## TASK REQUIREMENTS:
I would like every record reproduced exactly, with the pictures left out.

## THE DATA:

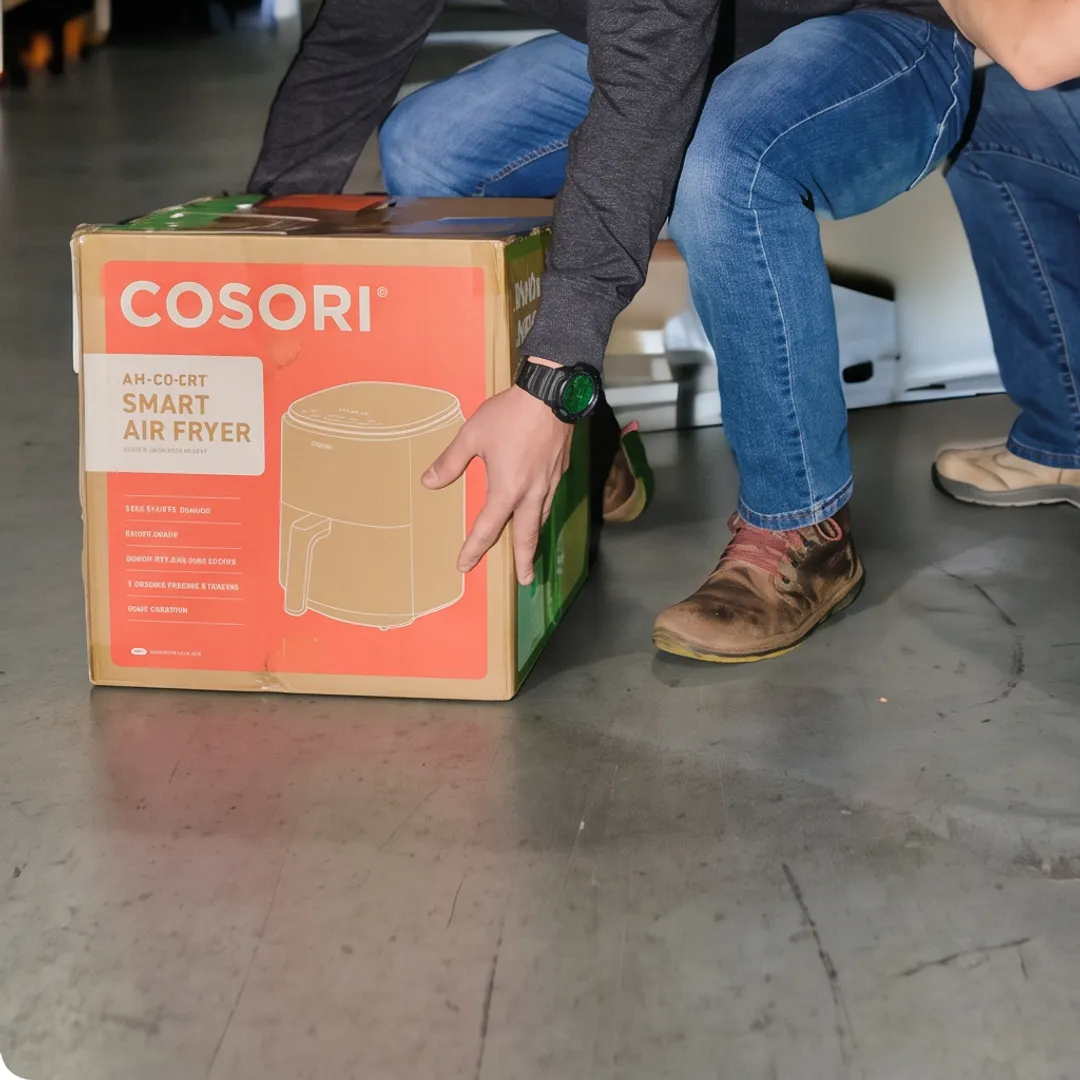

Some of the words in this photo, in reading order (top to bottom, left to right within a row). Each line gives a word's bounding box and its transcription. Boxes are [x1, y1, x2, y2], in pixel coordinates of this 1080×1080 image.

[120, 280, 371, 332] COSORI
[122, 392, 210, 415] SMART
[122, 419, 165, 441] AIR
[173, 420, 251, 443] FRYER
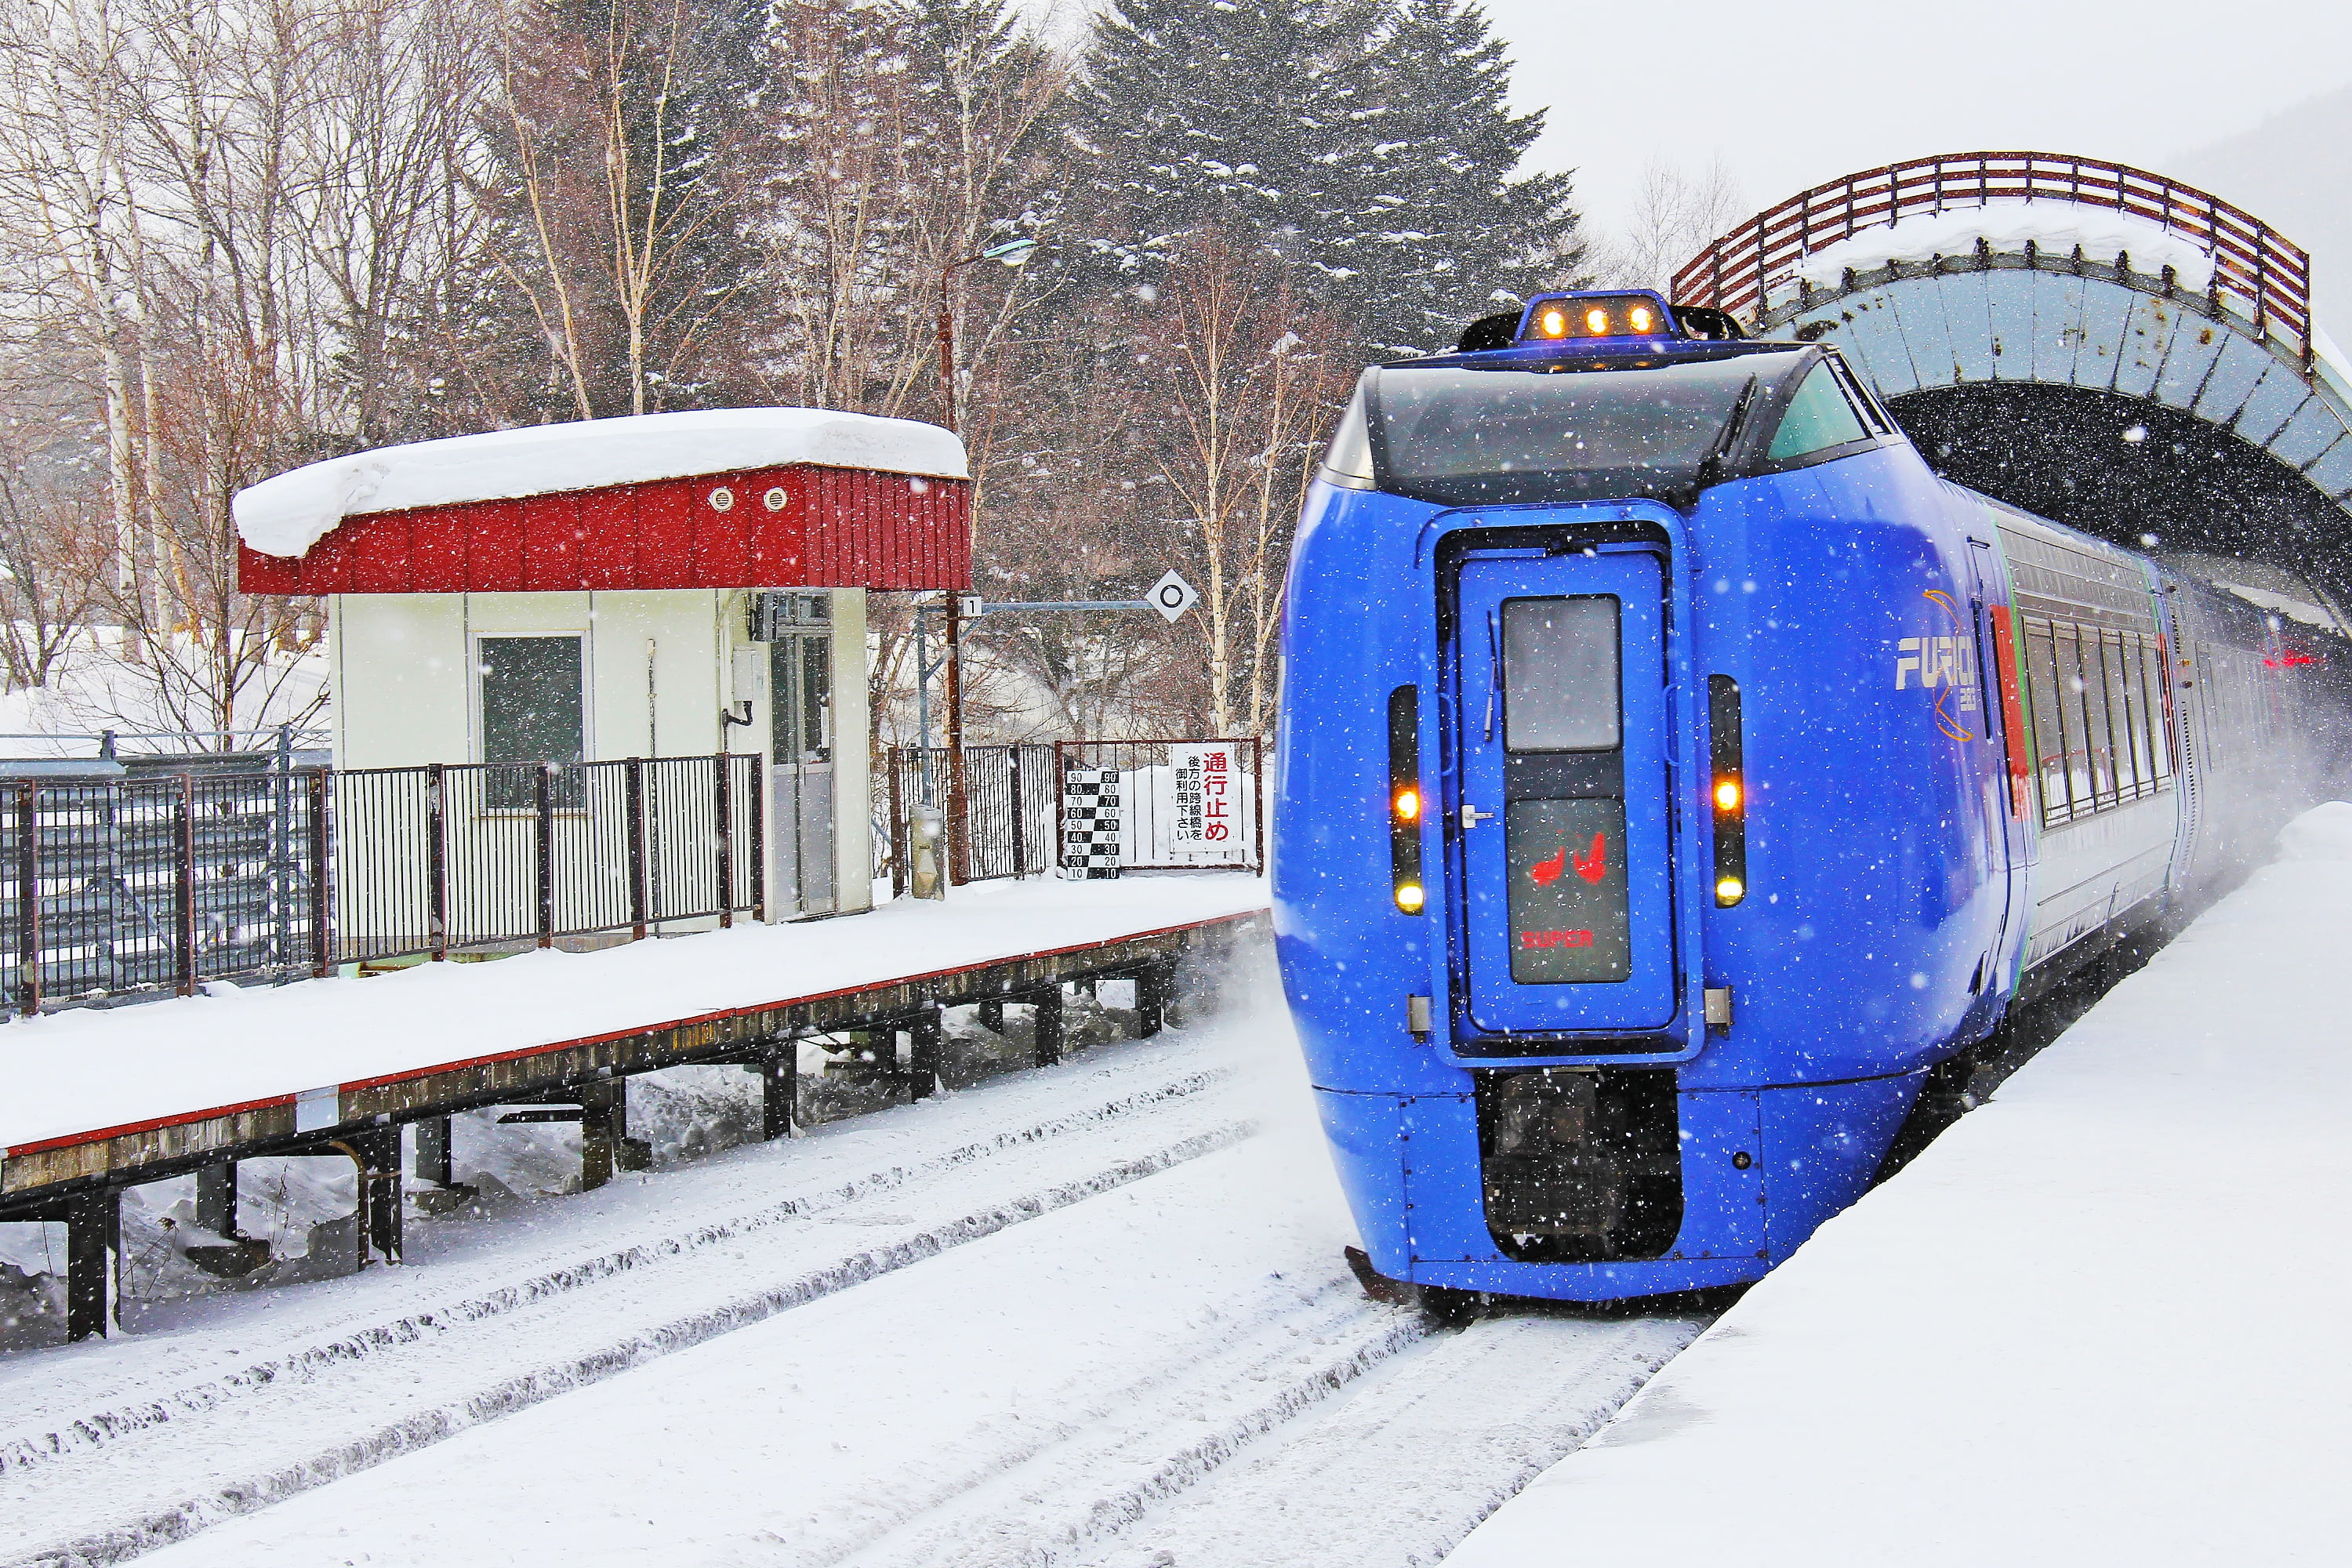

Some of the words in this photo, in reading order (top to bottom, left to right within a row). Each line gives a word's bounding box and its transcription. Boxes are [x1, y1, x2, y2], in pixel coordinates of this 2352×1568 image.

[969, 600, 975, 614] 1
[1071, 772, 1082, 782] 90
[1104, 772, 1116, 782] 90
[1071, 784, 1082, 793] 80
[1071, 797, 1082, 806] 70
[1104, 796, 1116, 806] 70
[1188, 755, 1202, 840] 後方の跨線橋を
[1203, 752, 1229, 841] 通行止め
[1175, 768, 1189, 840] 御利用下さい
[1071, 808, 1082, 818] 60
[1104, 808, 1116, 818] 60
[1071, 820, 1082, 829] 50
[1104, 820, 1116, 829] 50
[1071, 833, 1082, 842] 40
[1104, 833, 1116, 842] 40
[1071, 845, 1082, 854] 30
[1104, 844, 1116, 854] 30
[1071, 857, 1082, 866] 20
[1104, 857, 1116, 866] 20
[1071, 869, 1082, 878] 10
[1104, 869, 1116, 878] 10
[1521, 930, 1593, 949] SUPER
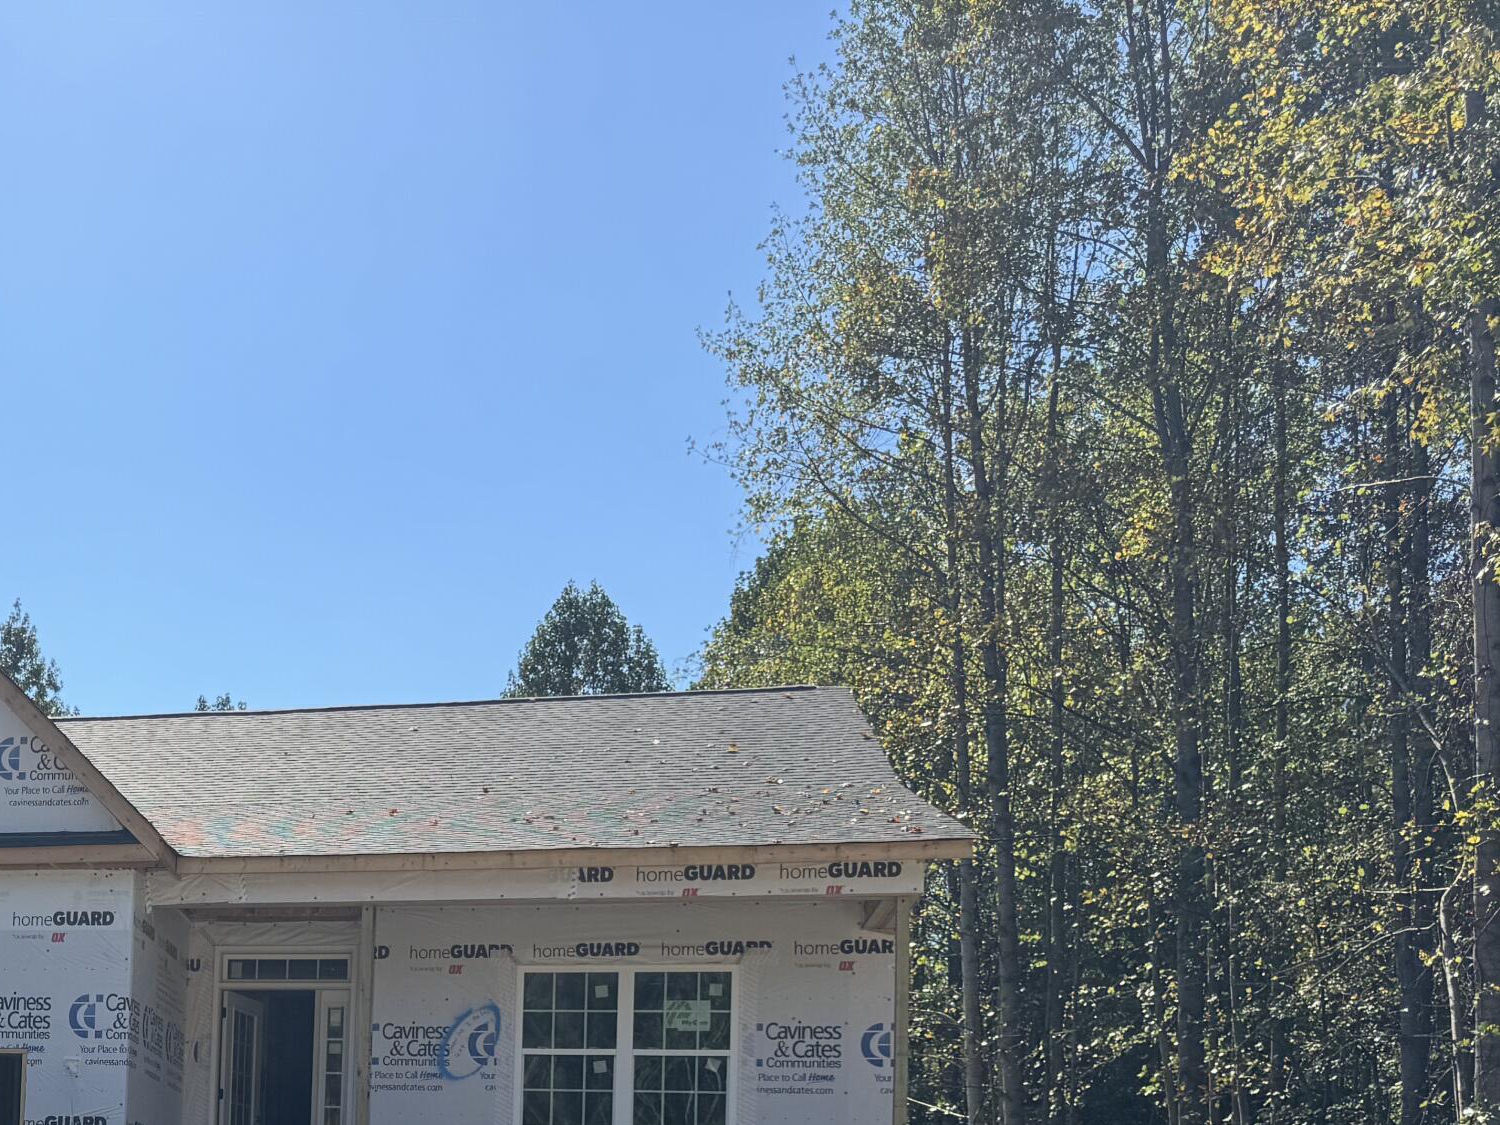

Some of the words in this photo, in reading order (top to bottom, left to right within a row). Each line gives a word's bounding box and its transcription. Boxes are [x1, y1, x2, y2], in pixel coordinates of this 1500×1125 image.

[636, 864, 756, 882] homeGUARD
[779, 861, 902, 879] homeGUARD
[12, 910, 115, 927] homeGUARD
[533, 942, 640, 958] homeGUARD
[7, 1011, 51, 1030] Cates
[113, 1012, 129, 1029] &
[765, 1020, 842, 1040] Caviness
[389, 1040, 405, 1057] &
[773, 1040, 790, 1057] &
[792, 1039, 842, 1059] Cates
[765, 1057, 842, 1069] Communities
[395, 1071, 404, 1079] to
[405, 1071, 418, 1079] Call
[757, 1072, 779, 1082] Place
[781, 1073, 790, 1082] to
[791, 1072, 806, 1082] Call
[808, 1072, 836, 1084] Home

## COMPLETED EXERCISE:
Some of the words in this photo, in reading order (top to bottom, left to right within a row). Each line gives a word's bounding box and its transcription. Boxes are [x1, y1, x2, y2], in pixel coordinates of this 1080×1080 image.

[120, 280, 371, 332] COSORI
[122, 392, 210, 415] SMART
[122, 419, 165, 441] AIR
[173, 420, 251, 443] FRYER

Some of the words in this photo, in reading order (top to bottom, left to right within a row). Each line gives a word's bounding box and its transcription. Boxes are [x1, y1, x2, y2], in pixel coordinates of this 2352×1568 image.

[969, 600, 975, 614] 1
[1071, 772, 1082, 782] 90
[1104, 772, 1116, 782] 90
[1071, 784, 1082, 793] 80
[1071, 797, 1082, 806] 70
[1104, 796, 1116, 806] 70
[1188, 755, 1202, 840] 後方の跨線橋を
[1203, 752, 1229, 841] 通行止め
[1175, 768, 1189, 840] 御利用下さい
[1071, 808, 1082, 818] 60
[1104, 808, 1116, 818] 60
[1071, 820, 1082, 829] 50
[1104, 820, 1116, 829] 50
[1071, 833, 1082, 842] 40
[1104, 833, 1116, 842] 40
[1071, 845, 1082, 854] 30
[1104, 844, 1116, 854] 30
[1071, 857, 1082, 866] 20
[1104, 857, 1116, 866] 20
[1071, 869, 1082, 878] 10
[1104, 869, 1116, 878] 10
[1521, 930, 1593, 949] SUPER

Some of the words in this photo, in reading order (top to bottom, left to right within a row). Each line gives a word's bounding box and its transcription. Boxes are [x1, y1, x2, y2], in pixel coordinates of this 1500×1125 image.

[636, 864, 756, 882] homeGUARD
[779, 861, 902, 879] homeGUARD
[12, 910, 115, 927] homeGUARD
[533, 942, 640, 958] homeGUARD
[7, 1011, 51, 1030] Cates
[113, 1012, 129, 1029] &
[765, 1020, 842, 1040] Caviness
[389, 1040, 405, 1057] &
[773, 1040, 790, 1057] &
[792, 1039, 842, 1059] Cates
[765, 1057, 842, 1069] Communities
[395, 1071, 404, 1079] to
[405, 1071, 418, 1079] Call
[757, 1072, 779, 1082] Place
[781, 1073, 790, 1082] to
[791, 1072, 806, 1082] Call
[808, 1072, 836, 1084] Home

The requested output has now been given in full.